James Suckling, Aldo Fiordelli and I tasted over two dozen vintage single-vineyard Chetillon wines from eight independent producers that morning, from 2019 – one of the best vintages in the last 20 years, according to Peters – back to 1995. No matter how the wines were vinified, there was an electric sensation on the palate for all of them – whether it was Pierrre Moncuit’s reductive, long-aging method, Robert Moncuit’s barrique-influenced, earlier-release style, or Champagne De Sousa’s minimal-intervention approach from biodynamically farmed vines.

“You have this kind of minerality, salinity that you find in the wine,” said Marie Charlemagne, the winemaker at Guy Charlemagne. Their magnum bottling of Chetillon from the powerful 2008 vintage showed incredible freshness, as did the chalky, spicy and salty Pierre Moncuit Champagne Nicole Vieille Vigne 2008, which was made from 90-year-old chardonnay vines in Chetillon. The highlight of the tasting was Pierre Peters’ Champagne Les Chetillons Cuvée Speciale 2012 – a wine with tightness, persistence and incredible complexity.

Shrivelled, mildew-affected grapes within the bunch in the Chetillon vineyard.
In the cellar at Champagne Robert Moncuit.
Valerie Charpentier, the winemaker and manager of Champagne Pierre Moncuit.

Single-vineyard Champagnes are still not very widely available, but they are certainly worth seeking out.

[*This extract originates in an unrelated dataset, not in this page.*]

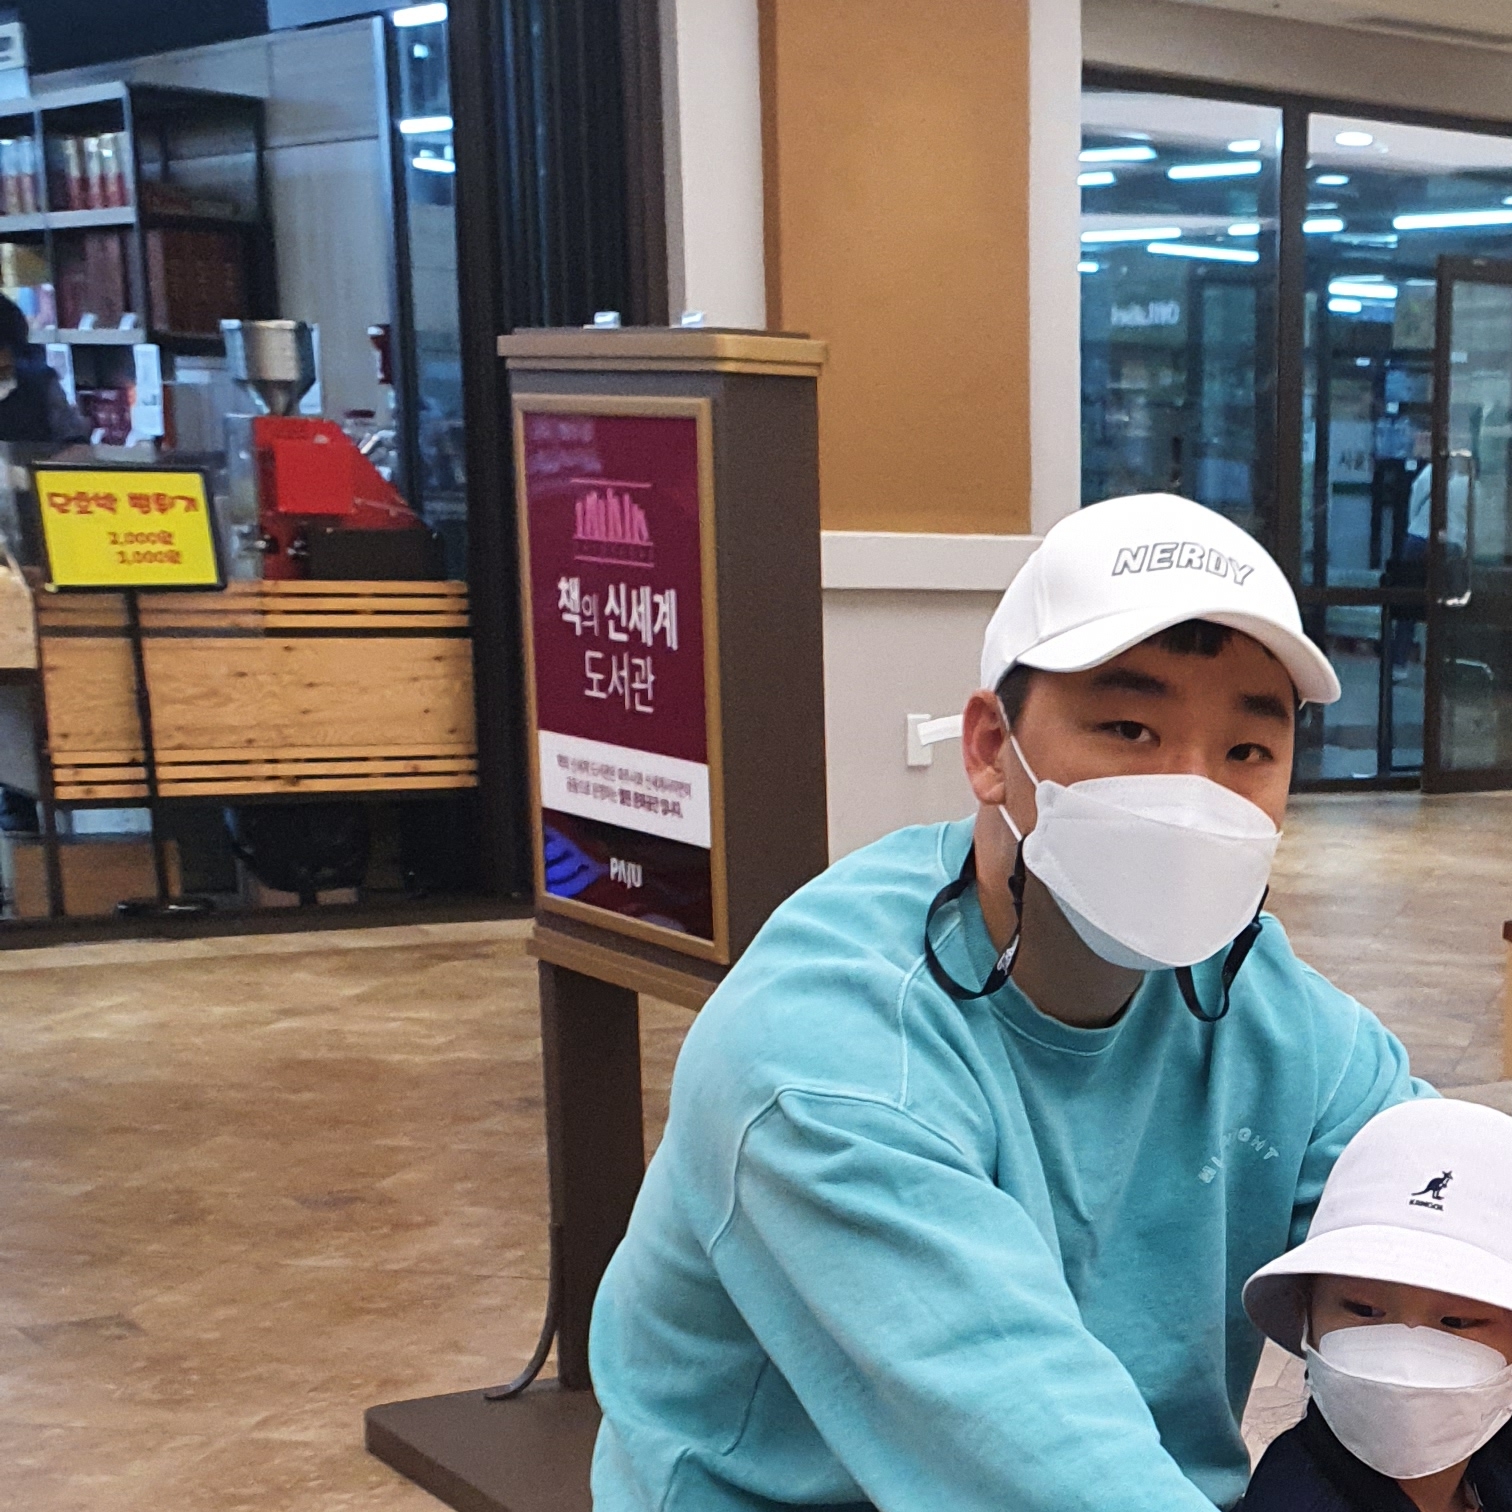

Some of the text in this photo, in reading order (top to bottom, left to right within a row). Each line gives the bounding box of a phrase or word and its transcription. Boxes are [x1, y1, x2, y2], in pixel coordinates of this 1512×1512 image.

[1110, 541, 1255, 587] NERDY
[557, 575, 679, 651] 책의 신세계
[584, 649, 655, 714] 도서관
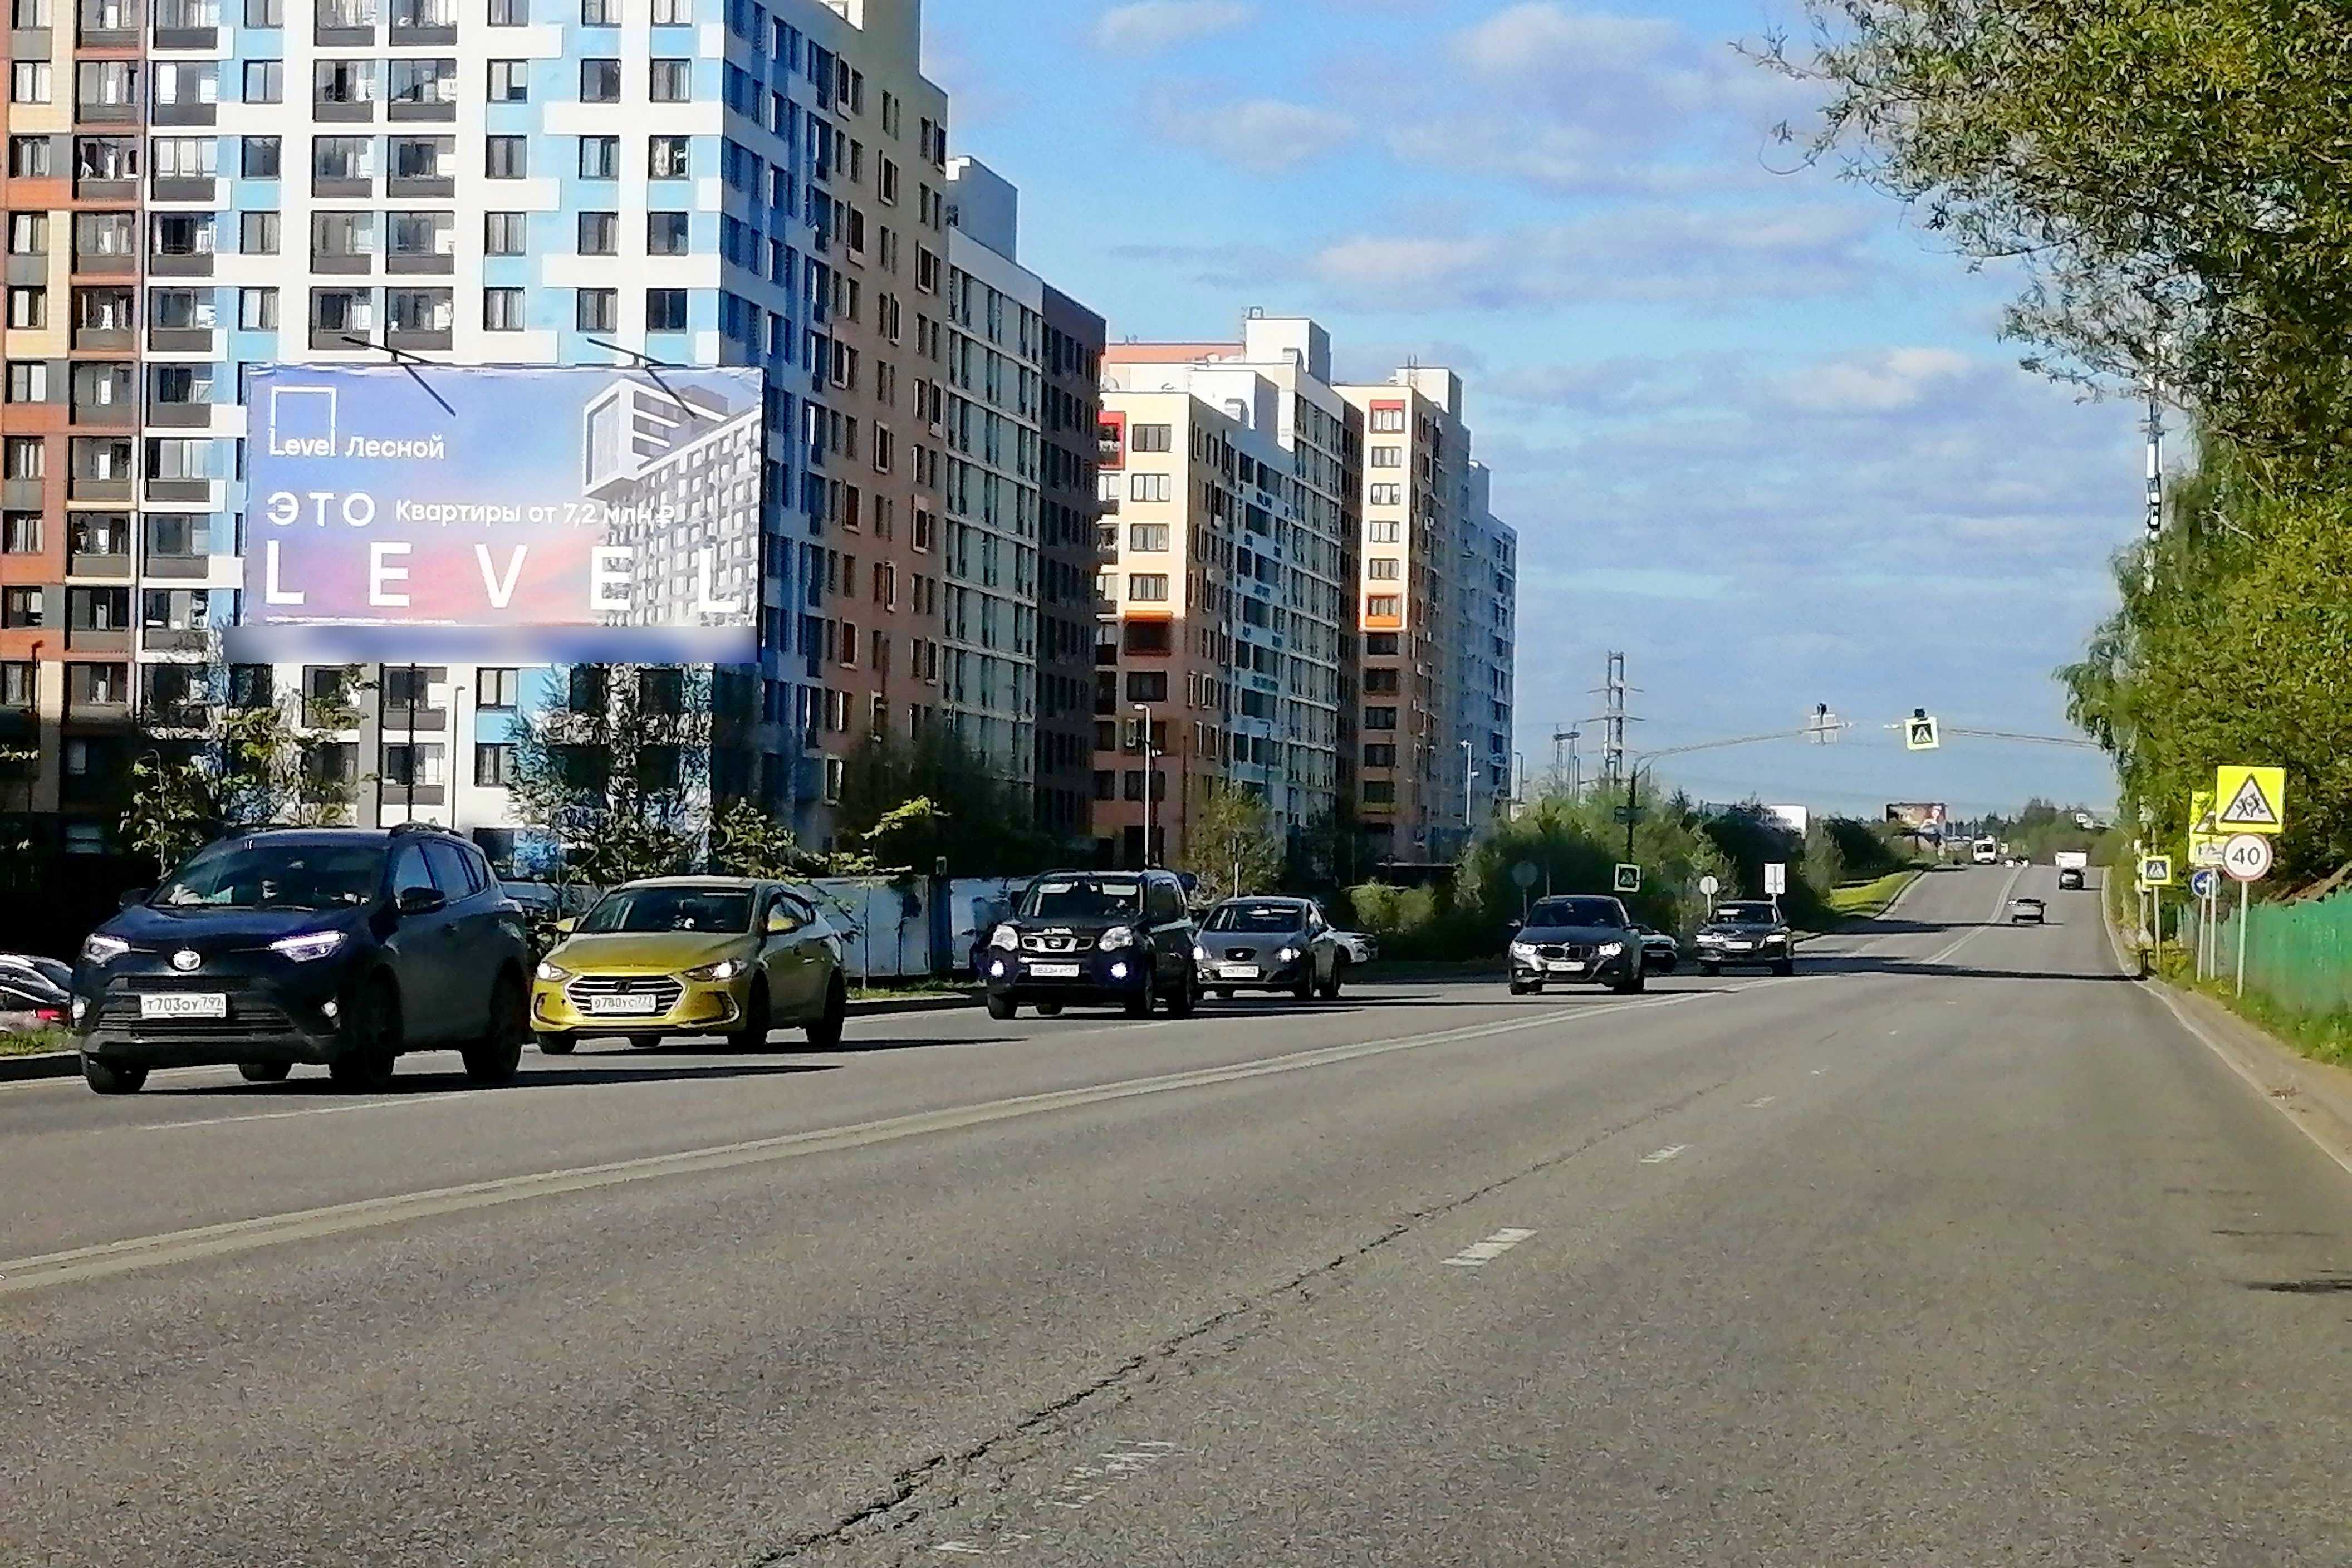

Alongside the single-vineyard Chetillon blanc de blancs wines that wowed us in this report, single-parcel bottlings of pinot noir that impressed included the Philipponnat Champagne Les Cintres 2012, Jacquesson Champagne Dizy Terres Rouges 2014 and Marguet Champagne La Grande Ruelle 2019, as well as a poised and elegant meunier bottled only in magnum – the Christophe Baron Champagne Les Alouettes 2019.

Moreover, still wines in Champagne, called Coteaux Champenois, are equally compelling and many are noted as single vineyards. Out of the more than 750 wines tasted for this report, you’ll find more than 60 Coteaux Champenois, mostly tasted by Senior Editor Aldo Fiordelli at an extensive Coteaux Champenois event in Reims in June. Many of the top wines are from recent warm vintages like 2020 and 2022, but some are from 2021, a vintage that saw close to a 50 percent reduction in yield across Champagne due to spring frosts and downy mildew.

We wondered in last year’s report whether a warming climate could mean a return to still wines. The production of still wine reached 4,000 hectolitres in 2023, and although that is still a very small volume compared with sparkling wine, several producers that I spoke to have started bottling small amounts of Coteaux Champenois in just the last 10 years.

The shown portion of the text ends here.